### YOUR ASSIGNMENT:
Because only the text is wanted, repeat the records below exactly and omit the pictures.

+++++

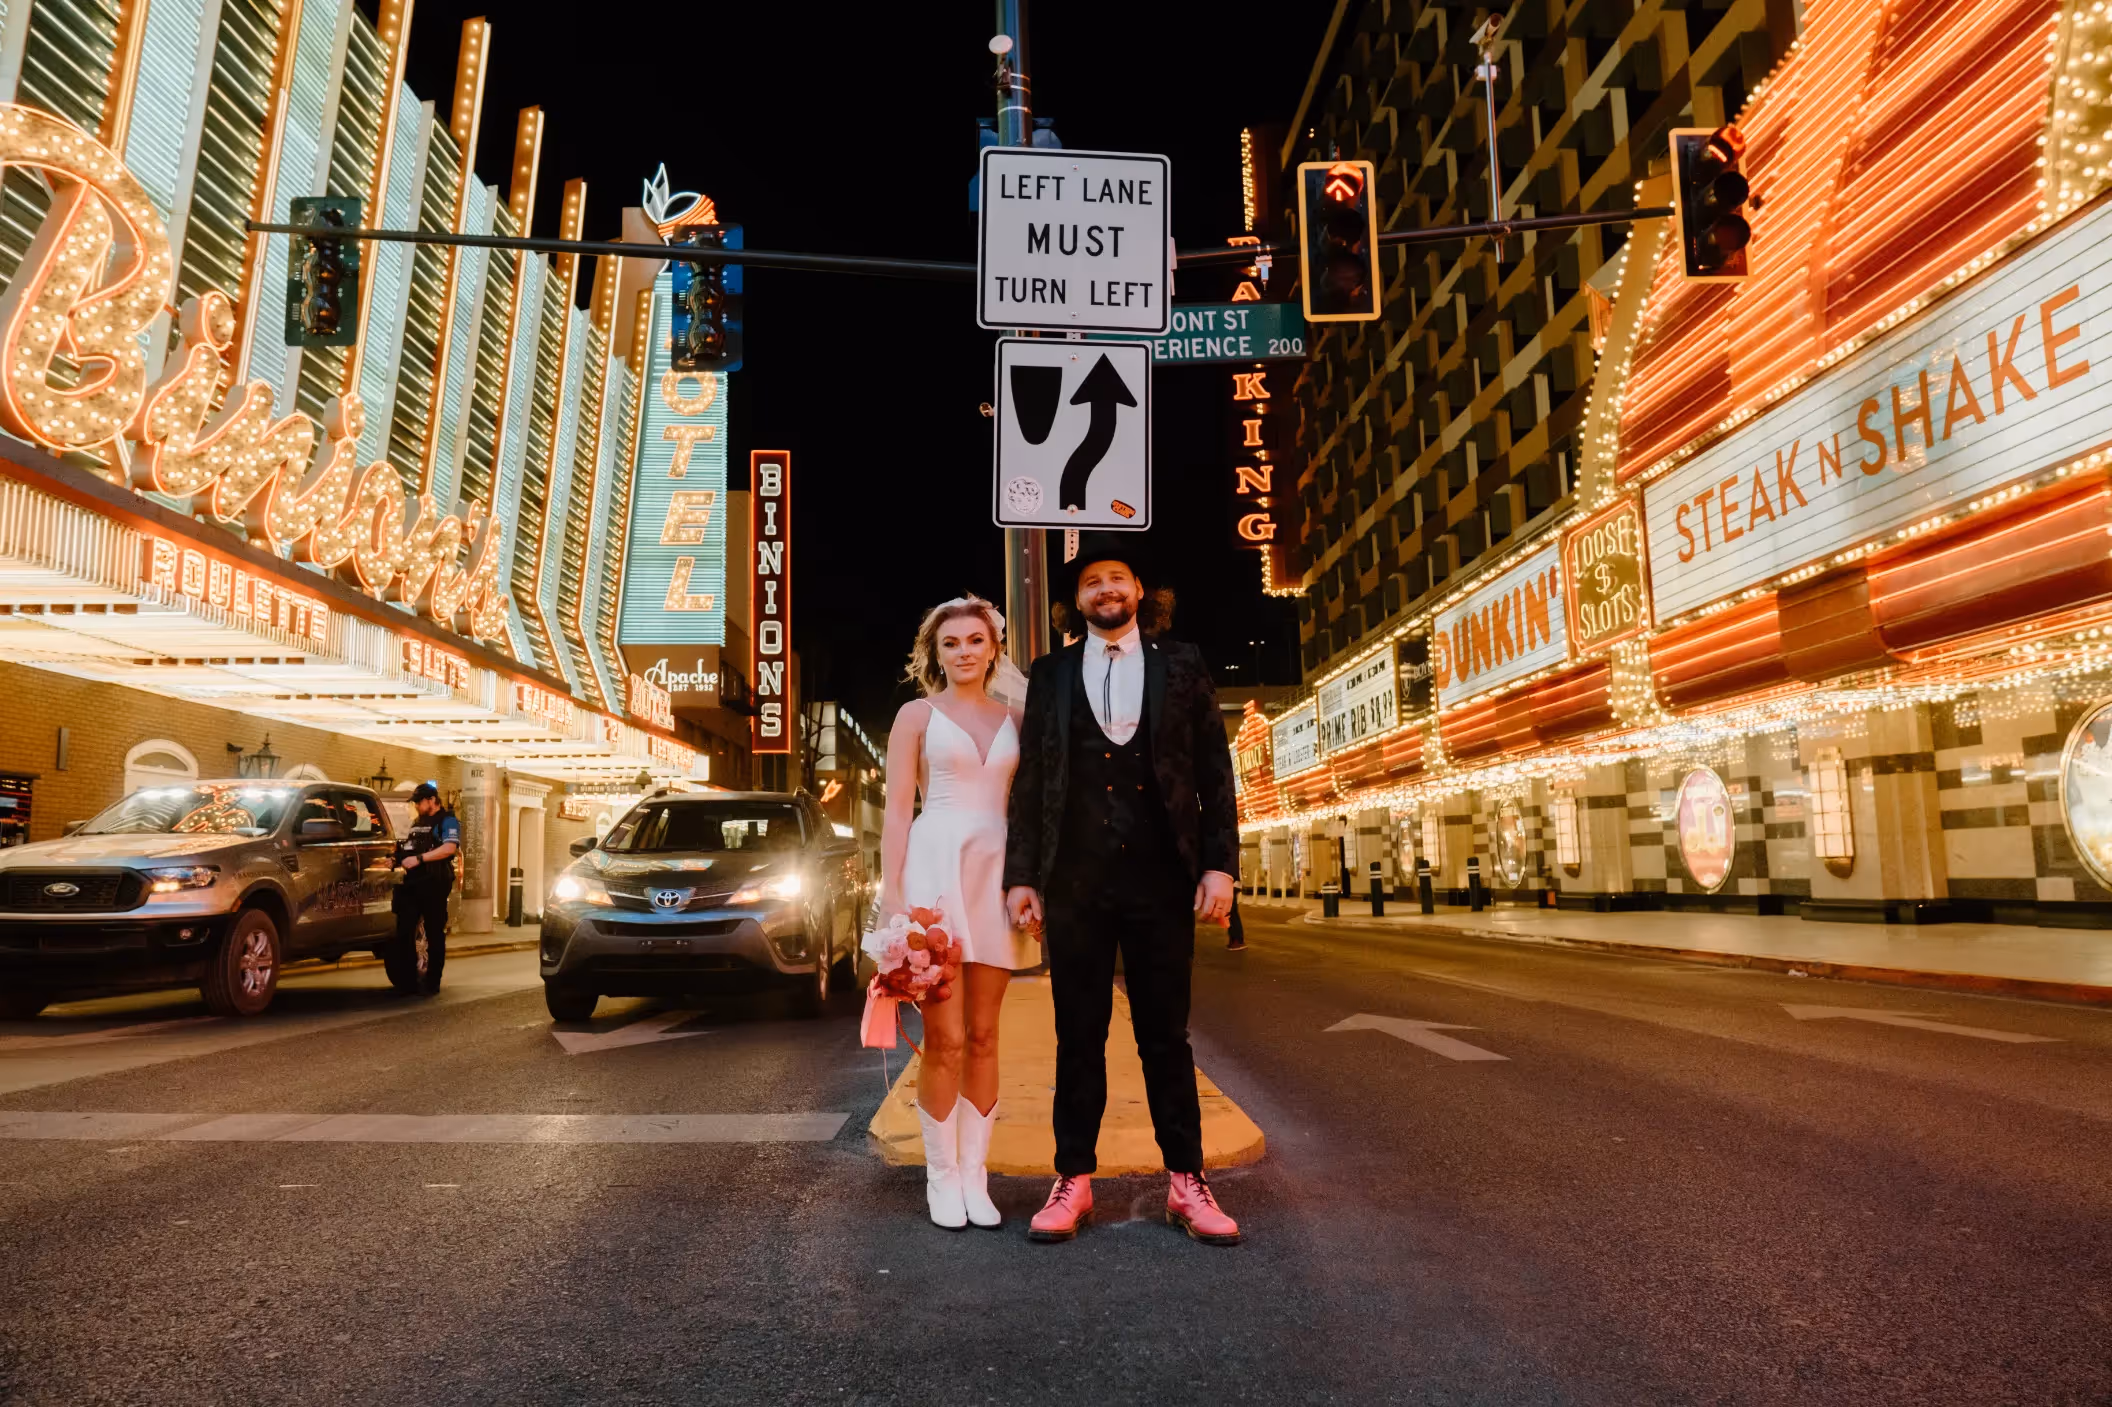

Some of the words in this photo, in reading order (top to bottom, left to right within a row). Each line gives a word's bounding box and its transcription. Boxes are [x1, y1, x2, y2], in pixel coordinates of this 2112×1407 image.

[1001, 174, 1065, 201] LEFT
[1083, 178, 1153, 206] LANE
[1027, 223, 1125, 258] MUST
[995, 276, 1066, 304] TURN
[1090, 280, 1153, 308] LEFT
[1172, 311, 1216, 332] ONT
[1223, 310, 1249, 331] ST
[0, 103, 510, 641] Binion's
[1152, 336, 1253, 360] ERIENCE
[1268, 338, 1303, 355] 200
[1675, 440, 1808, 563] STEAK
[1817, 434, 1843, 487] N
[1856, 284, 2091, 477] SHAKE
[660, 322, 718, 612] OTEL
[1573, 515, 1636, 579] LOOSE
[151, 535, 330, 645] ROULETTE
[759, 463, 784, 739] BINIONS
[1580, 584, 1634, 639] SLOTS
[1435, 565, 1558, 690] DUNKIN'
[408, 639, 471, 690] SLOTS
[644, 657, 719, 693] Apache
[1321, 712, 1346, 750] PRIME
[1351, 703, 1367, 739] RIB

+++++

### RESPONSE TO THE EXERCISE:
Some of the words in this photo, in reading order (top to bottom, left to right within a row). Each line gives a word's bounding box and its transcription. Boxes are [x1, y1, x2, y2], in pixel coordinates of this 2112×1407 image.

[1001, 174, 1065, 201] LEFT
[1083, 178, 1153, 206] LANE
[1027, 223, 1125, 258] MUST
[995, 276, 1066, 304] TURN
[1090, 280, 1153, 308] LEFT
[1172, 311, 1216, 332] ONT
[1223, 310, 1249, 331] ST
[0, 103, 510, 641] Binion's
[1152, 336, 1253, 360] ERIENCE
[1268, 338, 1303, 355] 200
[1675, 440, 1808, 563] STEAK
[1817, 434, 1843, 487] N
[1856, 284, 2091, 477] SHAKE
[660, 322, 718, 612] OTEL
[1573, 515, 1636, 579] LOOSE
[151, 535, 330, 645] ROULETTE
[759, 463, 784, 739] BINIONS
[1580, 584, 1634, 639] SLOTS
[1435, 565, 1558, 690] DUNKIN'
[408, 639, 471, 690] SLOTS
[644, 657, 719, 693] Apache
[1321, 712, 1346, 750] PRIME
[1351, 703, 1367, 739] RIB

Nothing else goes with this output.